As the knight landed with a crunch of mail, his destrier pulled itself free and reared up, iron hooves striking out. One caught Hunter in the neck, causing the horse to stumble, with a squeal of pain. Robert, his foot still out of the stirrup, was pitched forward, over Hunter’s bowing head. He struck the ground and rolled, just in time to avoid the stamping hooves of a carthorse. With a hiss of breath, he grasped for his sword, pulling it from the dust of the track as the knight, who had staggered to his feet, came at him with a snarl, blood gushing from his nose. Beyond, Robert glimpsed a chaos of movement and colour as all along the track his men tackled the English. He had a second to realise that Comyn and his company were nowhere to be seen along the train’s left flank; a second for cold shock to fill him, then the knight was rushing him and he was lurching forward to counter, swinging his sword round over his head and down to the right in a brutal cut of wrath.

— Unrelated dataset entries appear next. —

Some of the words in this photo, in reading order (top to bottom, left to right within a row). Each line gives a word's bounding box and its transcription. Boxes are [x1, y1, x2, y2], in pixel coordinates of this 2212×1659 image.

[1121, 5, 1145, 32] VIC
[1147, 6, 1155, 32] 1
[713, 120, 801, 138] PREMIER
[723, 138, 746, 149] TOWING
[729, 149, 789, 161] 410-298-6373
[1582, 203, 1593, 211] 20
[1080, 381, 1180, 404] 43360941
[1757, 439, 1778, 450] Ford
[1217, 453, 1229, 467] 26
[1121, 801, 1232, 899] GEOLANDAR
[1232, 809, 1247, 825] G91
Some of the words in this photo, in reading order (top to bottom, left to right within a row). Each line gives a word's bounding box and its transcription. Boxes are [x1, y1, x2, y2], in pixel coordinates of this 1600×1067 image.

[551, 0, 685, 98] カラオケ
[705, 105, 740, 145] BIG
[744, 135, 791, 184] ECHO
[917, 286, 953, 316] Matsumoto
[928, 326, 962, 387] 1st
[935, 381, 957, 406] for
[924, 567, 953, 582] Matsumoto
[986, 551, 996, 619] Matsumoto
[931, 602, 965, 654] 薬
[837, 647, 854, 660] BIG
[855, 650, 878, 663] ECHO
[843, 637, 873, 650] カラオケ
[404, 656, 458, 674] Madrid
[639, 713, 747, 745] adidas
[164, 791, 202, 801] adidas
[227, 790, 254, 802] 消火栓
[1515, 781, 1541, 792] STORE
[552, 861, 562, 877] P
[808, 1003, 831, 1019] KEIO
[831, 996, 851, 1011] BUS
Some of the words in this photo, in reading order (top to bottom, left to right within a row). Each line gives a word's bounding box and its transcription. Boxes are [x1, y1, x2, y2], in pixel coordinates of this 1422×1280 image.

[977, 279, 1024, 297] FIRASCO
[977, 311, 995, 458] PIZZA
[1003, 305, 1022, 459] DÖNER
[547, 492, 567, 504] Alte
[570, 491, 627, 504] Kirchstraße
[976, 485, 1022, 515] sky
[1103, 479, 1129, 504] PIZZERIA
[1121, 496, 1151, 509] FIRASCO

The fighting was fierce, the initial element of surprise that had favoured the Scots gone, the English, who had formed up swiftly, now fully engaged. Knights hacked and slashed, their horses crashing together in the close quarters. Foot soldiers hammered at one another, locked in dogged combat, men wrestling one another to the ground, stamping on fingers, slamming sword pommels into jaws, thrusting dirks into throats and ribs. Blood sprayed and horses screamed. Robert’s force was determined, but without Comyn’s company, they were outnumbered. Within moments, the battle began to turn, some of the Scottish knights forced to counter two opponents at once. John of Atholl was roaring through his helm, parrying with a knight beside him, while trying to fend off a foot soldier attacking him from the ground. One of the English knights yelled for the driver of the lead cart to break and head for the castle. Obeying, the man cracked his whip across the horses’ broad backs and they plunged forward, the wagon veering off along the rough road towards Roxburgh.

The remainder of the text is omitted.